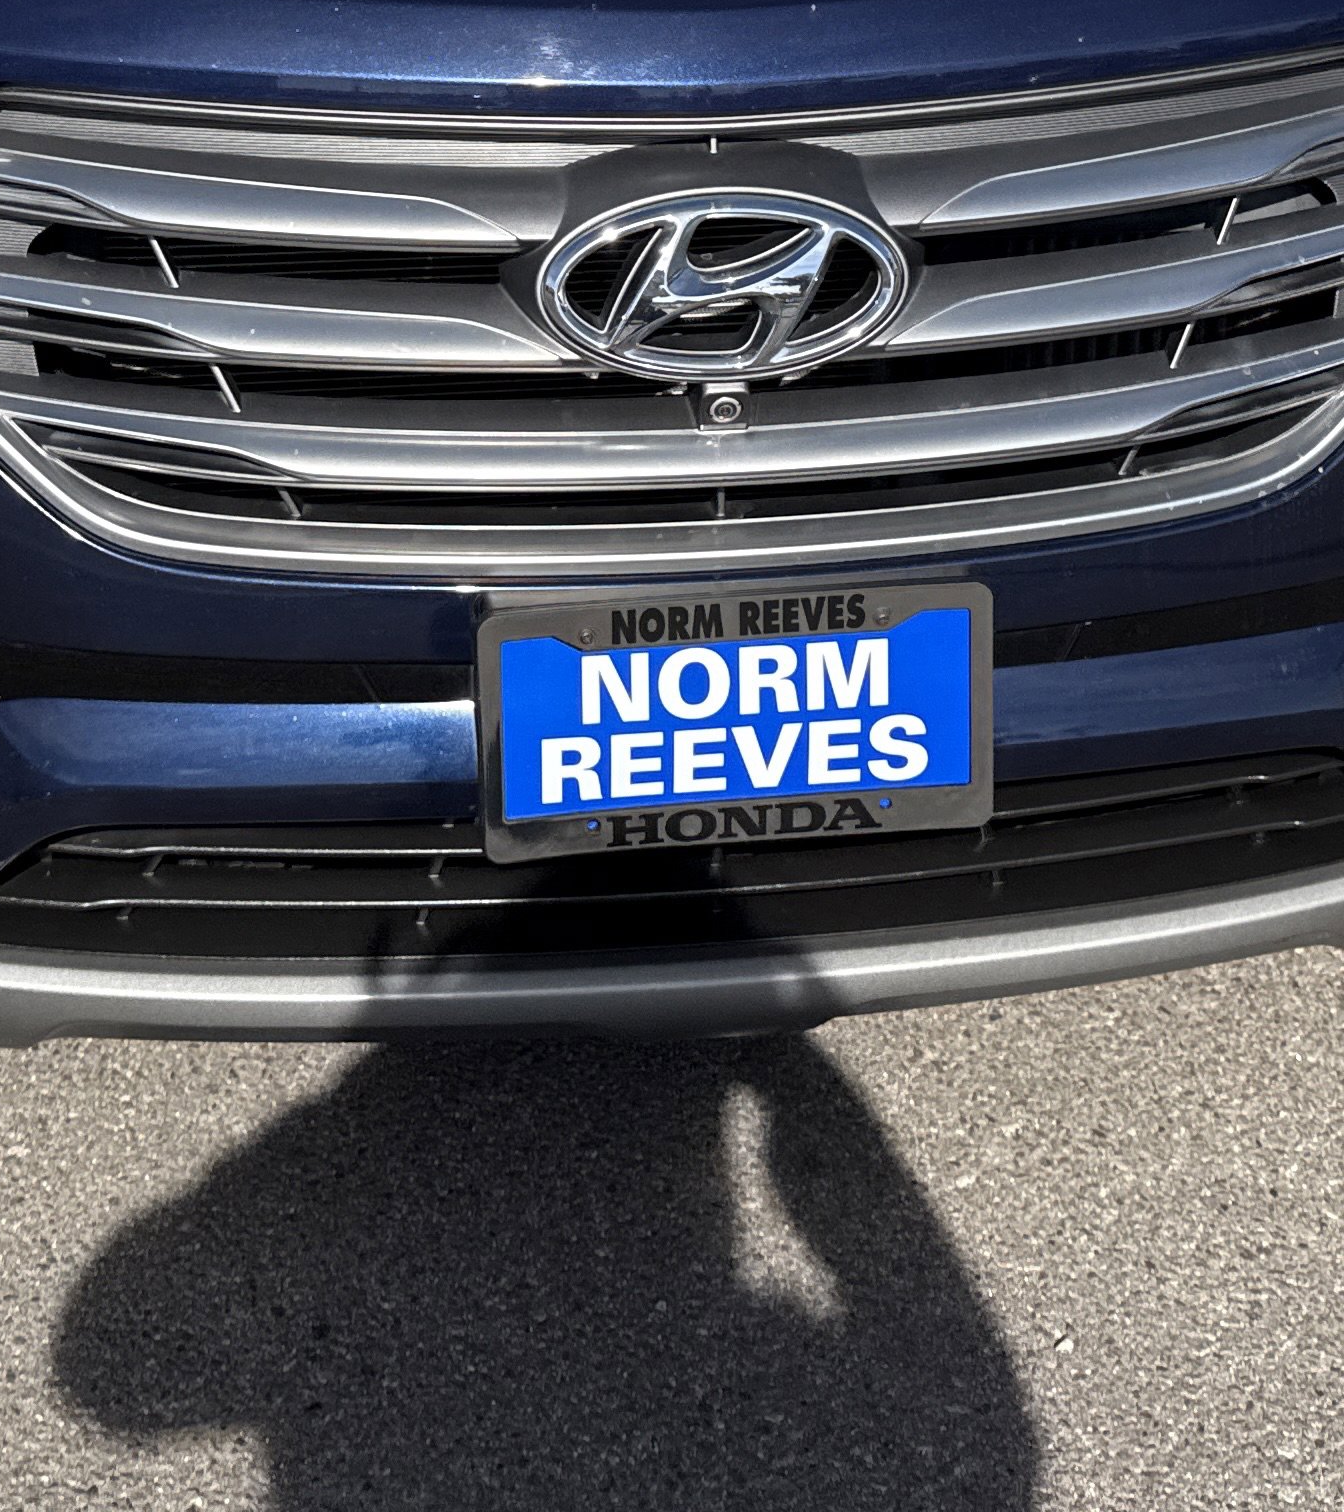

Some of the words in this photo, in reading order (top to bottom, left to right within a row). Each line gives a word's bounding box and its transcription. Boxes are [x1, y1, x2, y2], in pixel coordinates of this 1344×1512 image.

[611, 603, 724, 645] NORM
[739, 594, 866, 636] REEVES
[581, 638, 889, 725] NORM
[541, 714, 929, 805] REEVES
[606, 798, 882, 847] HONDA
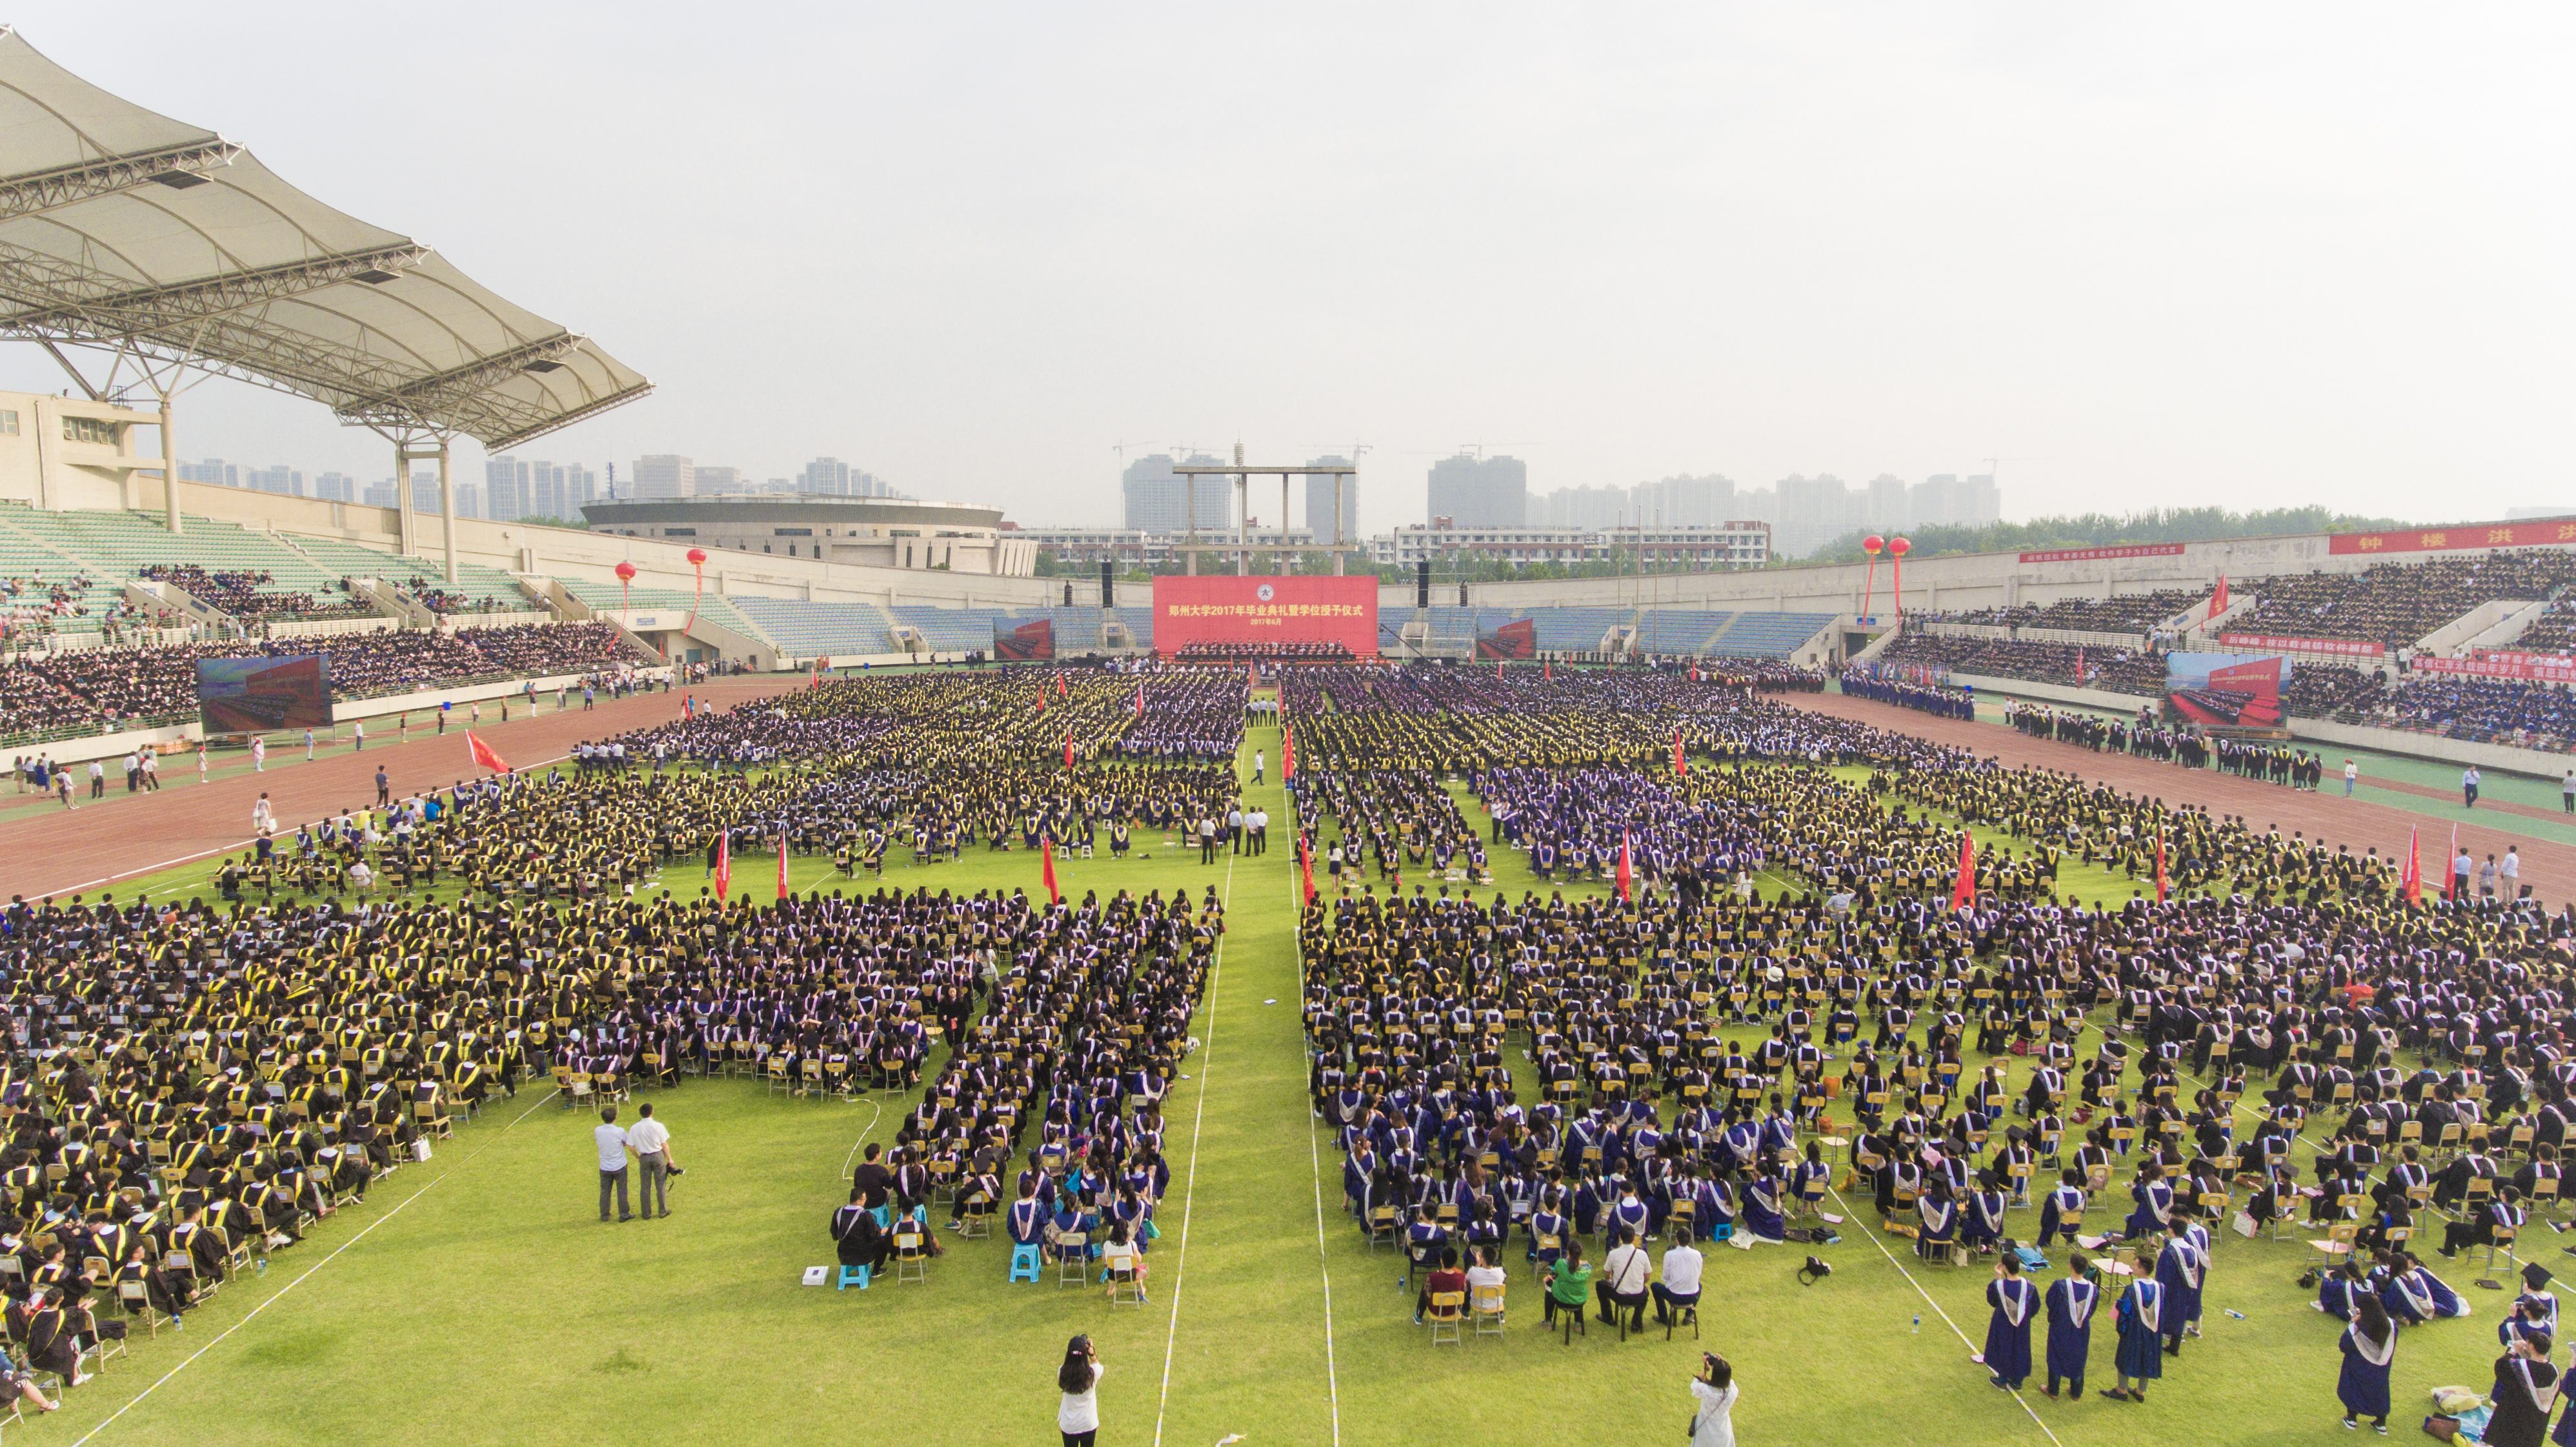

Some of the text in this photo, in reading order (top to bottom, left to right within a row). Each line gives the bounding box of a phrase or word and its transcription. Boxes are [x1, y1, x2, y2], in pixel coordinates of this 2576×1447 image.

[2098, 547, 2177, 557] 软件学子为自己代言
[1169, 605, 1363, 616] 郑州大学2017年毕业典礼暨学位授予仪式
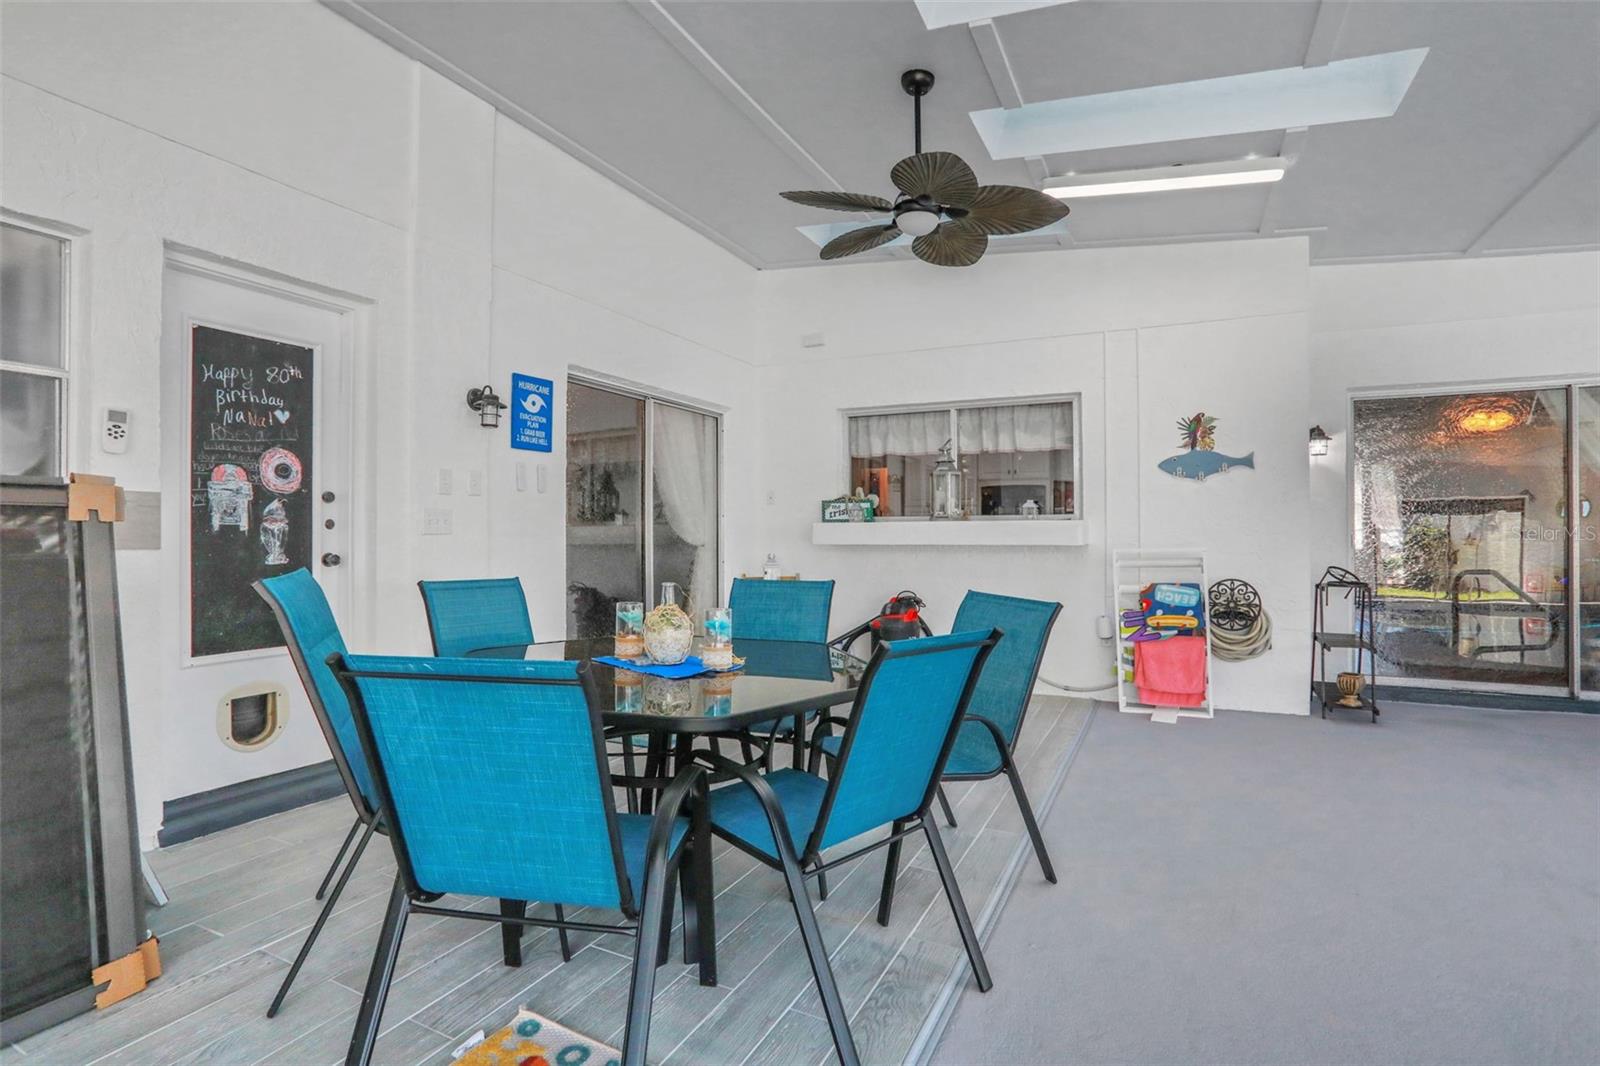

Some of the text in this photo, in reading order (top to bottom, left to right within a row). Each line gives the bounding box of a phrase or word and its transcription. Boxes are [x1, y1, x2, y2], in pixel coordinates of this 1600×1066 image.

• [DIRECTIONS FOR THIS TASK]: Retype the lines exactly as they appear, beginning with the line that contains "this 2576×1447 image." and ending with the final line of the entries, and omit the pictures.

• [RESULT OF THE EXERCISE]:
Some of the text in this photo, in reading order (top to bottom, left to right within a row). Each line gives the bounding box of a phrase or word and its transcription. Boxes are [x1, y1, x2, y2], in pixel coordinates of this 2576×1447 image.

[2098, 547, 2177, 557] 软件学子为自己代言
[1169, 605, 1363, 616] 郑州大学2017年毕业典礼暨学位授予仪式

Some of the text in this photo, in reading order (top to bottom, left to right within a row). Each line gives the bounding box of a phrase or word and its transcription. Boxes are [x1, y1, x2, y2], in pixel coordinates of this 1600×1066 image.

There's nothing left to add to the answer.